Entering the New Year of 2019

This year will finally see the art, that has been my main effort over the past year and a half, culminate in it’s first exhibit at Western New Mexico University, Silver City, opening February 7th  The heartfelt theme of trees and forests-beautiful and endangered is one that demanded my toolbox of media—so there is much to see. You can thumb through the exhibition catalogue by clicking on the ISSUU booklet below. 

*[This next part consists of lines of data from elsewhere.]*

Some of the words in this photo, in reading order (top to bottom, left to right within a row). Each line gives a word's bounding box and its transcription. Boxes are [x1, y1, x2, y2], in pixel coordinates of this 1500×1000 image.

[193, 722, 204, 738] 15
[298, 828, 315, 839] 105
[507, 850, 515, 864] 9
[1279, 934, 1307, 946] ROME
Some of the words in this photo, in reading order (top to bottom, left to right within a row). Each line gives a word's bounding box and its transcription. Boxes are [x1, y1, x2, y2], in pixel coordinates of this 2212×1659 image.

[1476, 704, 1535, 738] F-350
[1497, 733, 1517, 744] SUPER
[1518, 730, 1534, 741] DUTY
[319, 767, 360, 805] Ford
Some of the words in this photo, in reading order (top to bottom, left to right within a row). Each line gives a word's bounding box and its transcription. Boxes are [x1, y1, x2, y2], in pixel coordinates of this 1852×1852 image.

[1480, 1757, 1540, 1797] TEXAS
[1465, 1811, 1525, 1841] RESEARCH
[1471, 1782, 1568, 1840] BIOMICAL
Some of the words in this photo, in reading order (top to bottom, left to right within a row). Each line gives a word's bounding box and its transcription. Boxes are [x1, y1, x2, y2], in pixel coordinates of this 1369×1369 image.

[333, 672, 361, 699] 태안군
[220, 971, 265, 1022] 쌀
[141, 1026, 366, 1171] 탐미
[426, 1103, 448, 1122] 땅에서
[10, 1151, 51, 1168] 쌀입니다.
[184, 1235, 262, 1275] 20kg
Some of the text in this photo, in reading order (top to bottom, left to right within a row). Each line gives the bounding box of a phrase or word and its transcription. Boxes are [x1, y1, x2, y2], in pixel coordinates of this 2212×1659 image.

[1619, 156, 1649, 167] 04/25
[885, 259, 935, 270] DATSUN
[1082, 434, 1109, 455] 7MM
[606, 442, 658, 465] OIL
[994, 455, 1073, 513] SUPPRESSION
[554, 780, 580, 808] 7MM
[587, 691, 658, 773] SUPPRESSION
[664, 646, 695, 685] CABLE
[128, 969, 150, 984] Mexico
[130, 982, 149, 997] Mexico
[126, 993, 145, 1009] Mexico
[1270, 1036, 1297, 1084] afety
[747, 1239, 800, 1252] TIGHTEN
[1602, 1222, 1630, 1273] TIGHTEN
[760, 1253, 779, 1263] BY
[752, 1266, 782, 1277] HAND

The essay in the booklet is by the gifted writer, Ann Landi,
and reproduced here for your reading:

 

Marietta Patricia Leis: Engrained: Ode to Trees

 

In the course of a long career that has taken her from New York to Los Angeles and finally to Albuquerque, NM, Marietta Patricia Leis has mastered just about any medium at her disposal—printmaking, sculpture, painting, video, and photography. Her subjects have often been inspired by her travels worldwide: to Scotland, Southeast Asia, Greece, Iceland, and other far-flung spots. The experiences she gathers from place, whether it’s the humid green of the tropical jungle or the billowing clouds and black-velvet nights of the Scottish Highlands, become distilled into the different series she’s pursued over the years. The common thread is that Leis brings to all her works qualities of elegant understatement, a thorough knowledge of craft, and an approach that marries thoughtful restraint with a sensuous feel for her materials.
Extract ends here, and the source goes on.